TASK DIRECTIONS:
Transcribe all of the data exactly. Omit the pictures.

RECORDS FOR THIS EXERCISE:

============

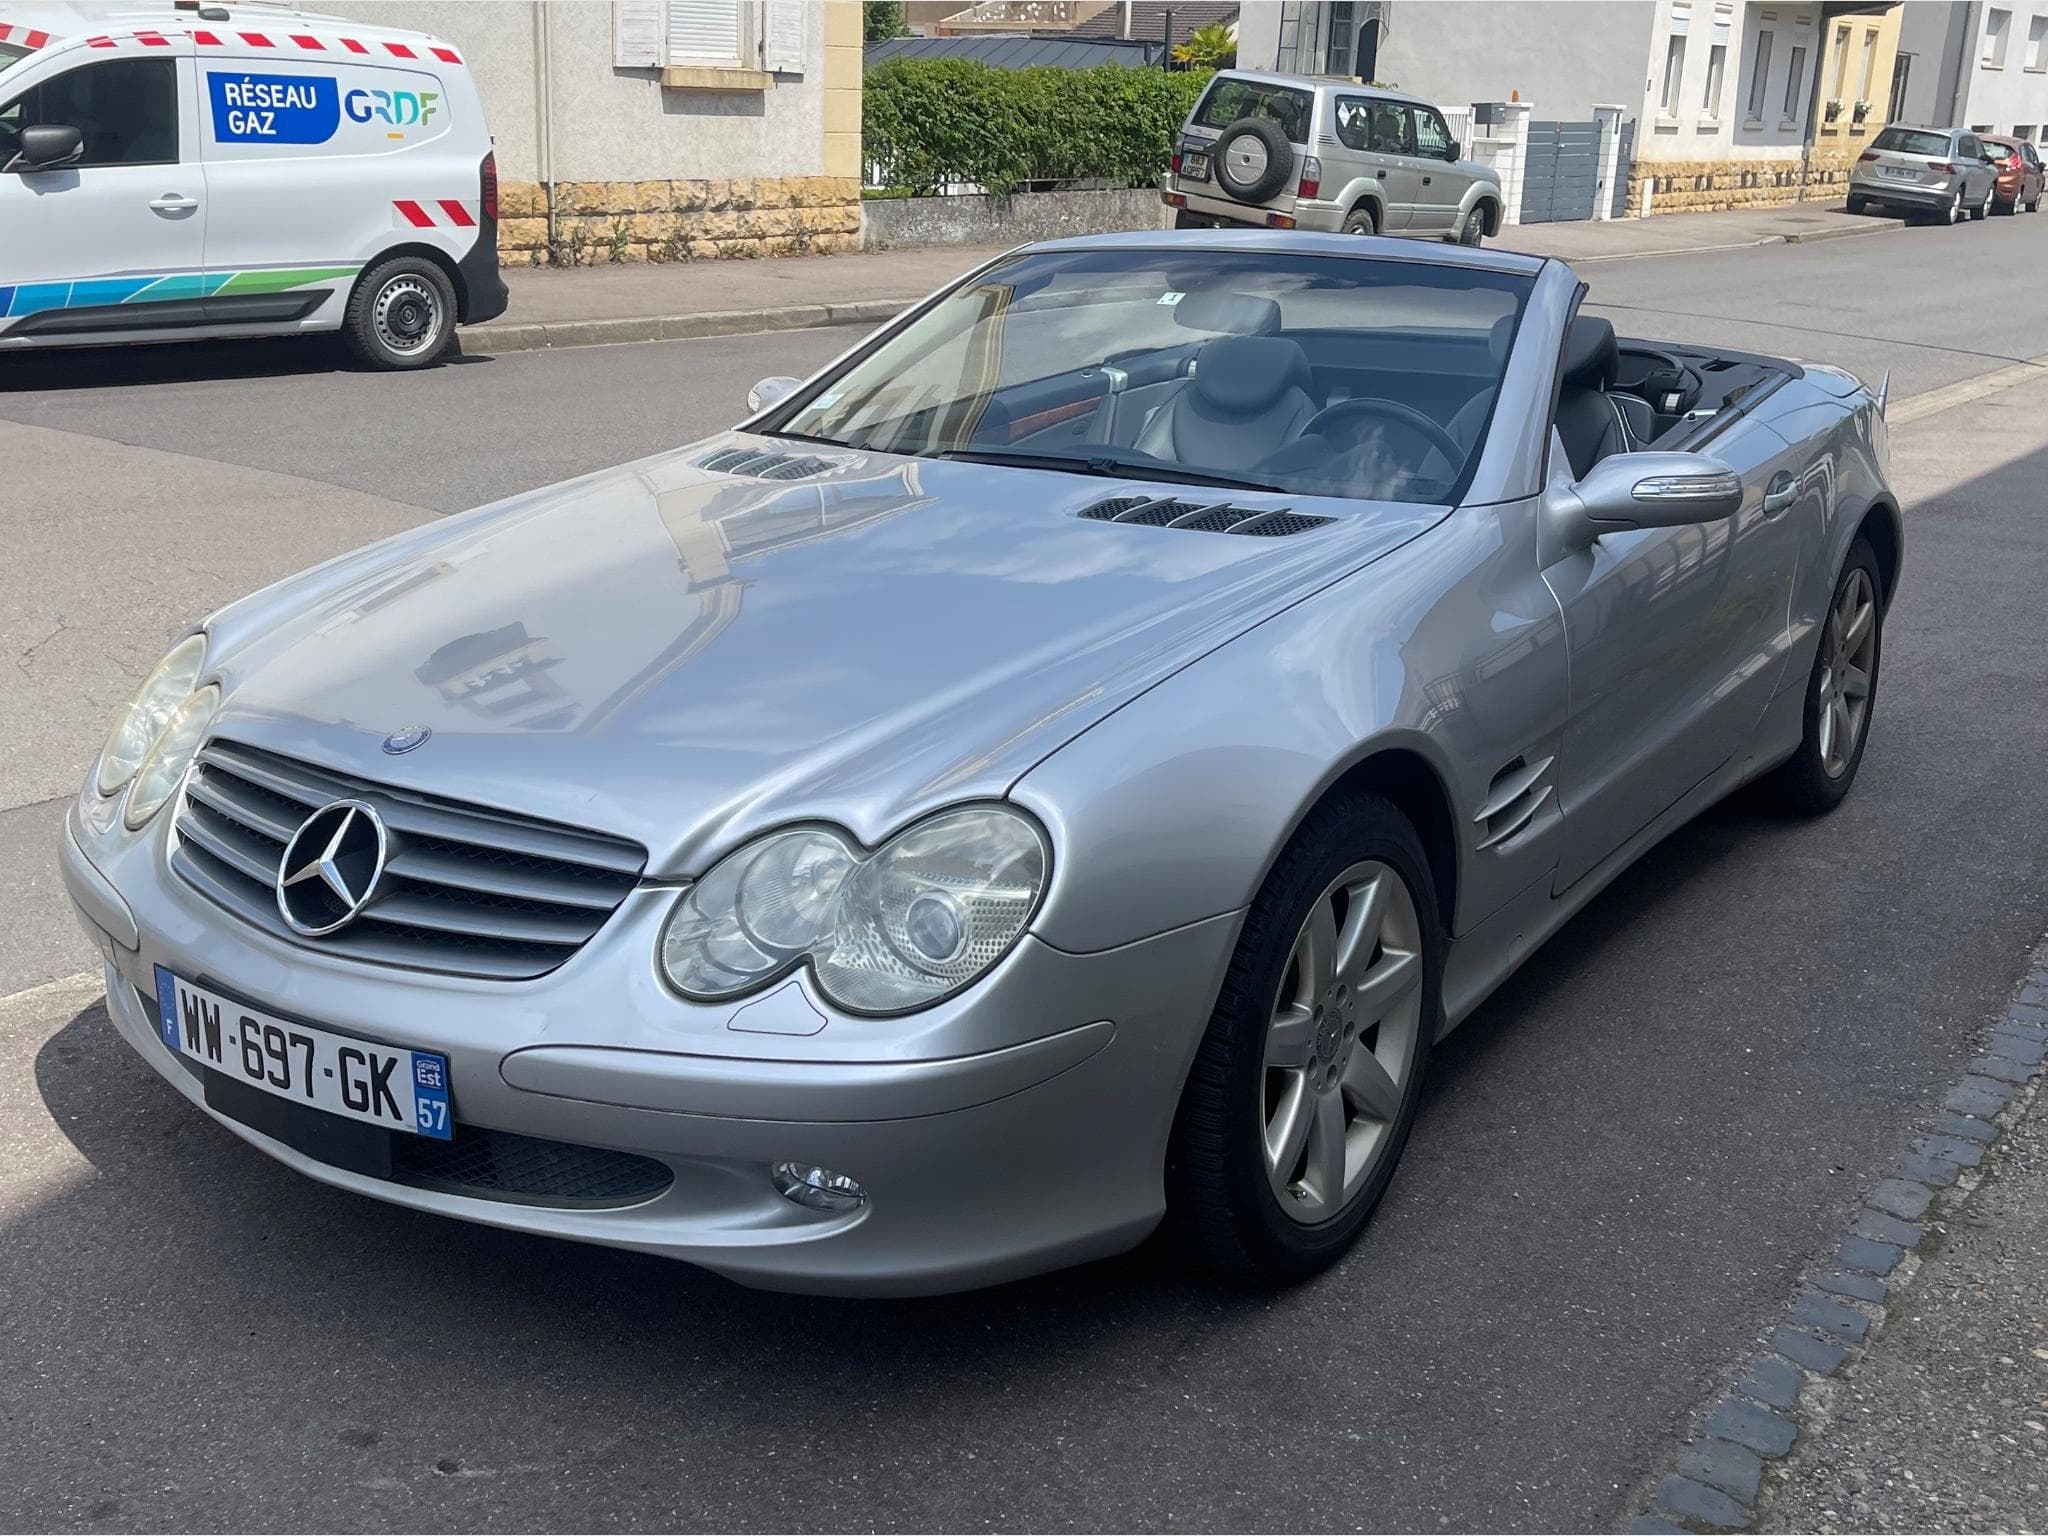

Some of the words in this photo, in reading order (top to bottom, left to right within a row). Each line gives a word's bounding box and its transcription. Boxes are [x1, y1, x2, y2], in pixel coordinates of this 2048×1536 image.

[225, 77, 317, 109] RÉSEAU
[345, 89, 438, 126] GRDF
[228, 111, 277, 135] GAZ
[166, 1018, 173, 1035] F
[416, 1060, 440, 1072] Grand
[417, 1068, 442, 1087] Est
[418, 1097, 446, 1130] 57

============

TASK SOLUTION:
Some of the words in this photo, in reading order (top to bottom, left to right within a row). Each line gives a word's bounding box and its transcription. Boxes are [x1, y1, x2, y2], in pixel coordinates of this 2048×1536 image.

[225, 77, 317, 109] RÉSEAU
[345, 89, 438, 126] GRDF
[228, 111, 277, 135] GAZ
[166, 1018, 173, 1035] F
[416, 1060, 440, 1072] Grand
[417, 1068, 442, 1087] Est
[418, 1097, 446, 1130] 57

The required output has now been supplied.